**Exercise description:** Copy the records below in full, keeping each word as it is but omitting the pictures.

• • •

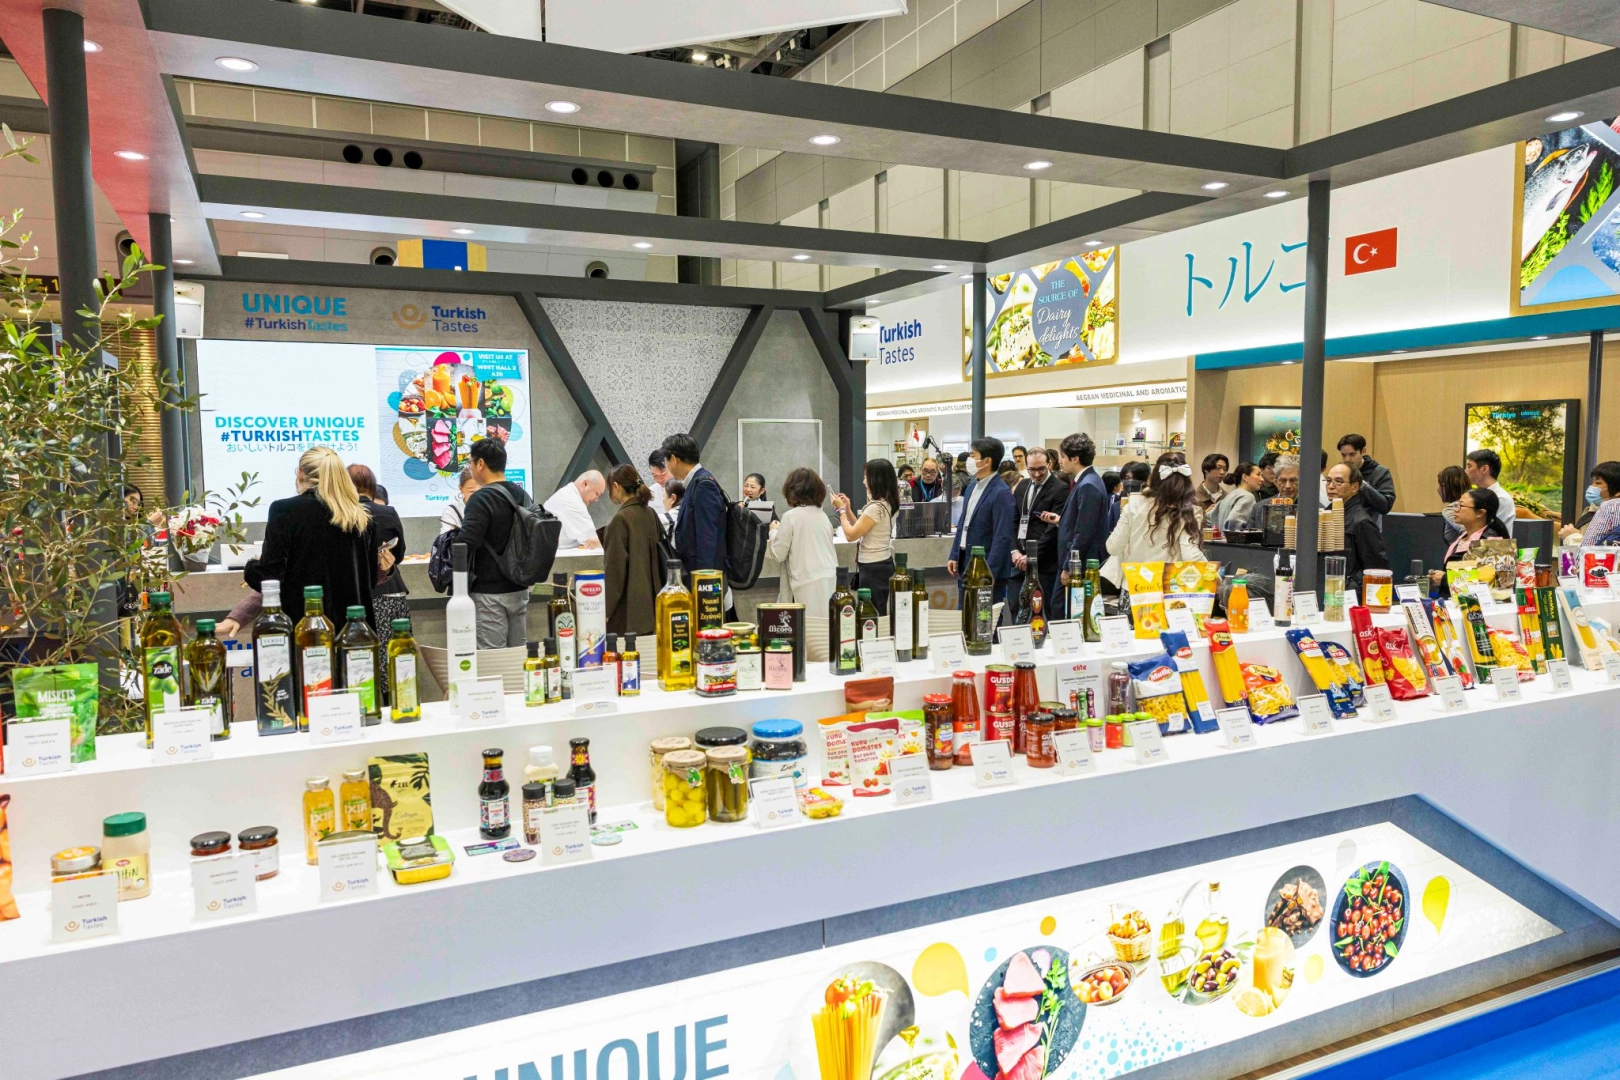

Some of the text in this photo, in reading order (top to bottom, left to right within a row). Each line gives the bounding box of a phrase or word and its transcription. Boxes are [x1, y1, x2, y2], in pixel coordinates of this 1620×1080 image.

[1050, 279, 1065, 290] THE
[1038, 288, 1078, 304] SOURCE OF
[242, 293, 348, 316] UNIQUE
[431, 305, 486, 320] Turkish
[1037, 306, 1072, 328] Dairy
[244, 317, 348, 332] #TurkishTastes
[431, 319, 478, 332] Tastes
[879, 318, 922, 344] Turkish
[1039, 323, 1080, 350] delights
[879, 346, 914, 366] Tastes
[1076, 386, 1187, 400] AEGEAN MEDICINAL AND AROMATIC
[215, 416, 364, 428] DISCOVER UNIQUE
[220, 430, 360, 442] #TURKISHTASTES
[154, 664, 172, 674] zade
[201, 695, 216, 704] zade
[463, 1014, 729, 1080] IQUE

• • •

**Response to the exercise:**
Some of the text in this photo, in reading order (top to bottom, left to right within a row). Each line gives the bounding box of a phrase or word and its transcription. Boxes are [x1, y1, x2, y2], in pixel coordinates of this 1620×1080 image.

[1050, 279, 1065, 290] THE
[1038, 288, 1078, 304] SOURCE OF
[242, 293, 348, 316] UNIQUE
[431, 305, 486, 320] Turkish
[1037, 306, 1072, 328] Dairy
[244, 317, 348, 332] #TurkishTastes
[431, 319, 478, 332] Tastes
[879, 318, 922, 344] Turkish
[1039, 323, 1080, 350] delights
[879, 346, 914, 366] Tastes
[1076, 386, 1187, 400] AEGEAN MEDICINAL AND AROMATIC
[215, 416, 364, 428] DISCOVER UNIQUE
[220, 430, 360, 442] #TURKISHTASTES
[154, 664, 172, 674] zade
[201, 695, 216, 704] zade
[463, 1014, 729, 1080] IQUE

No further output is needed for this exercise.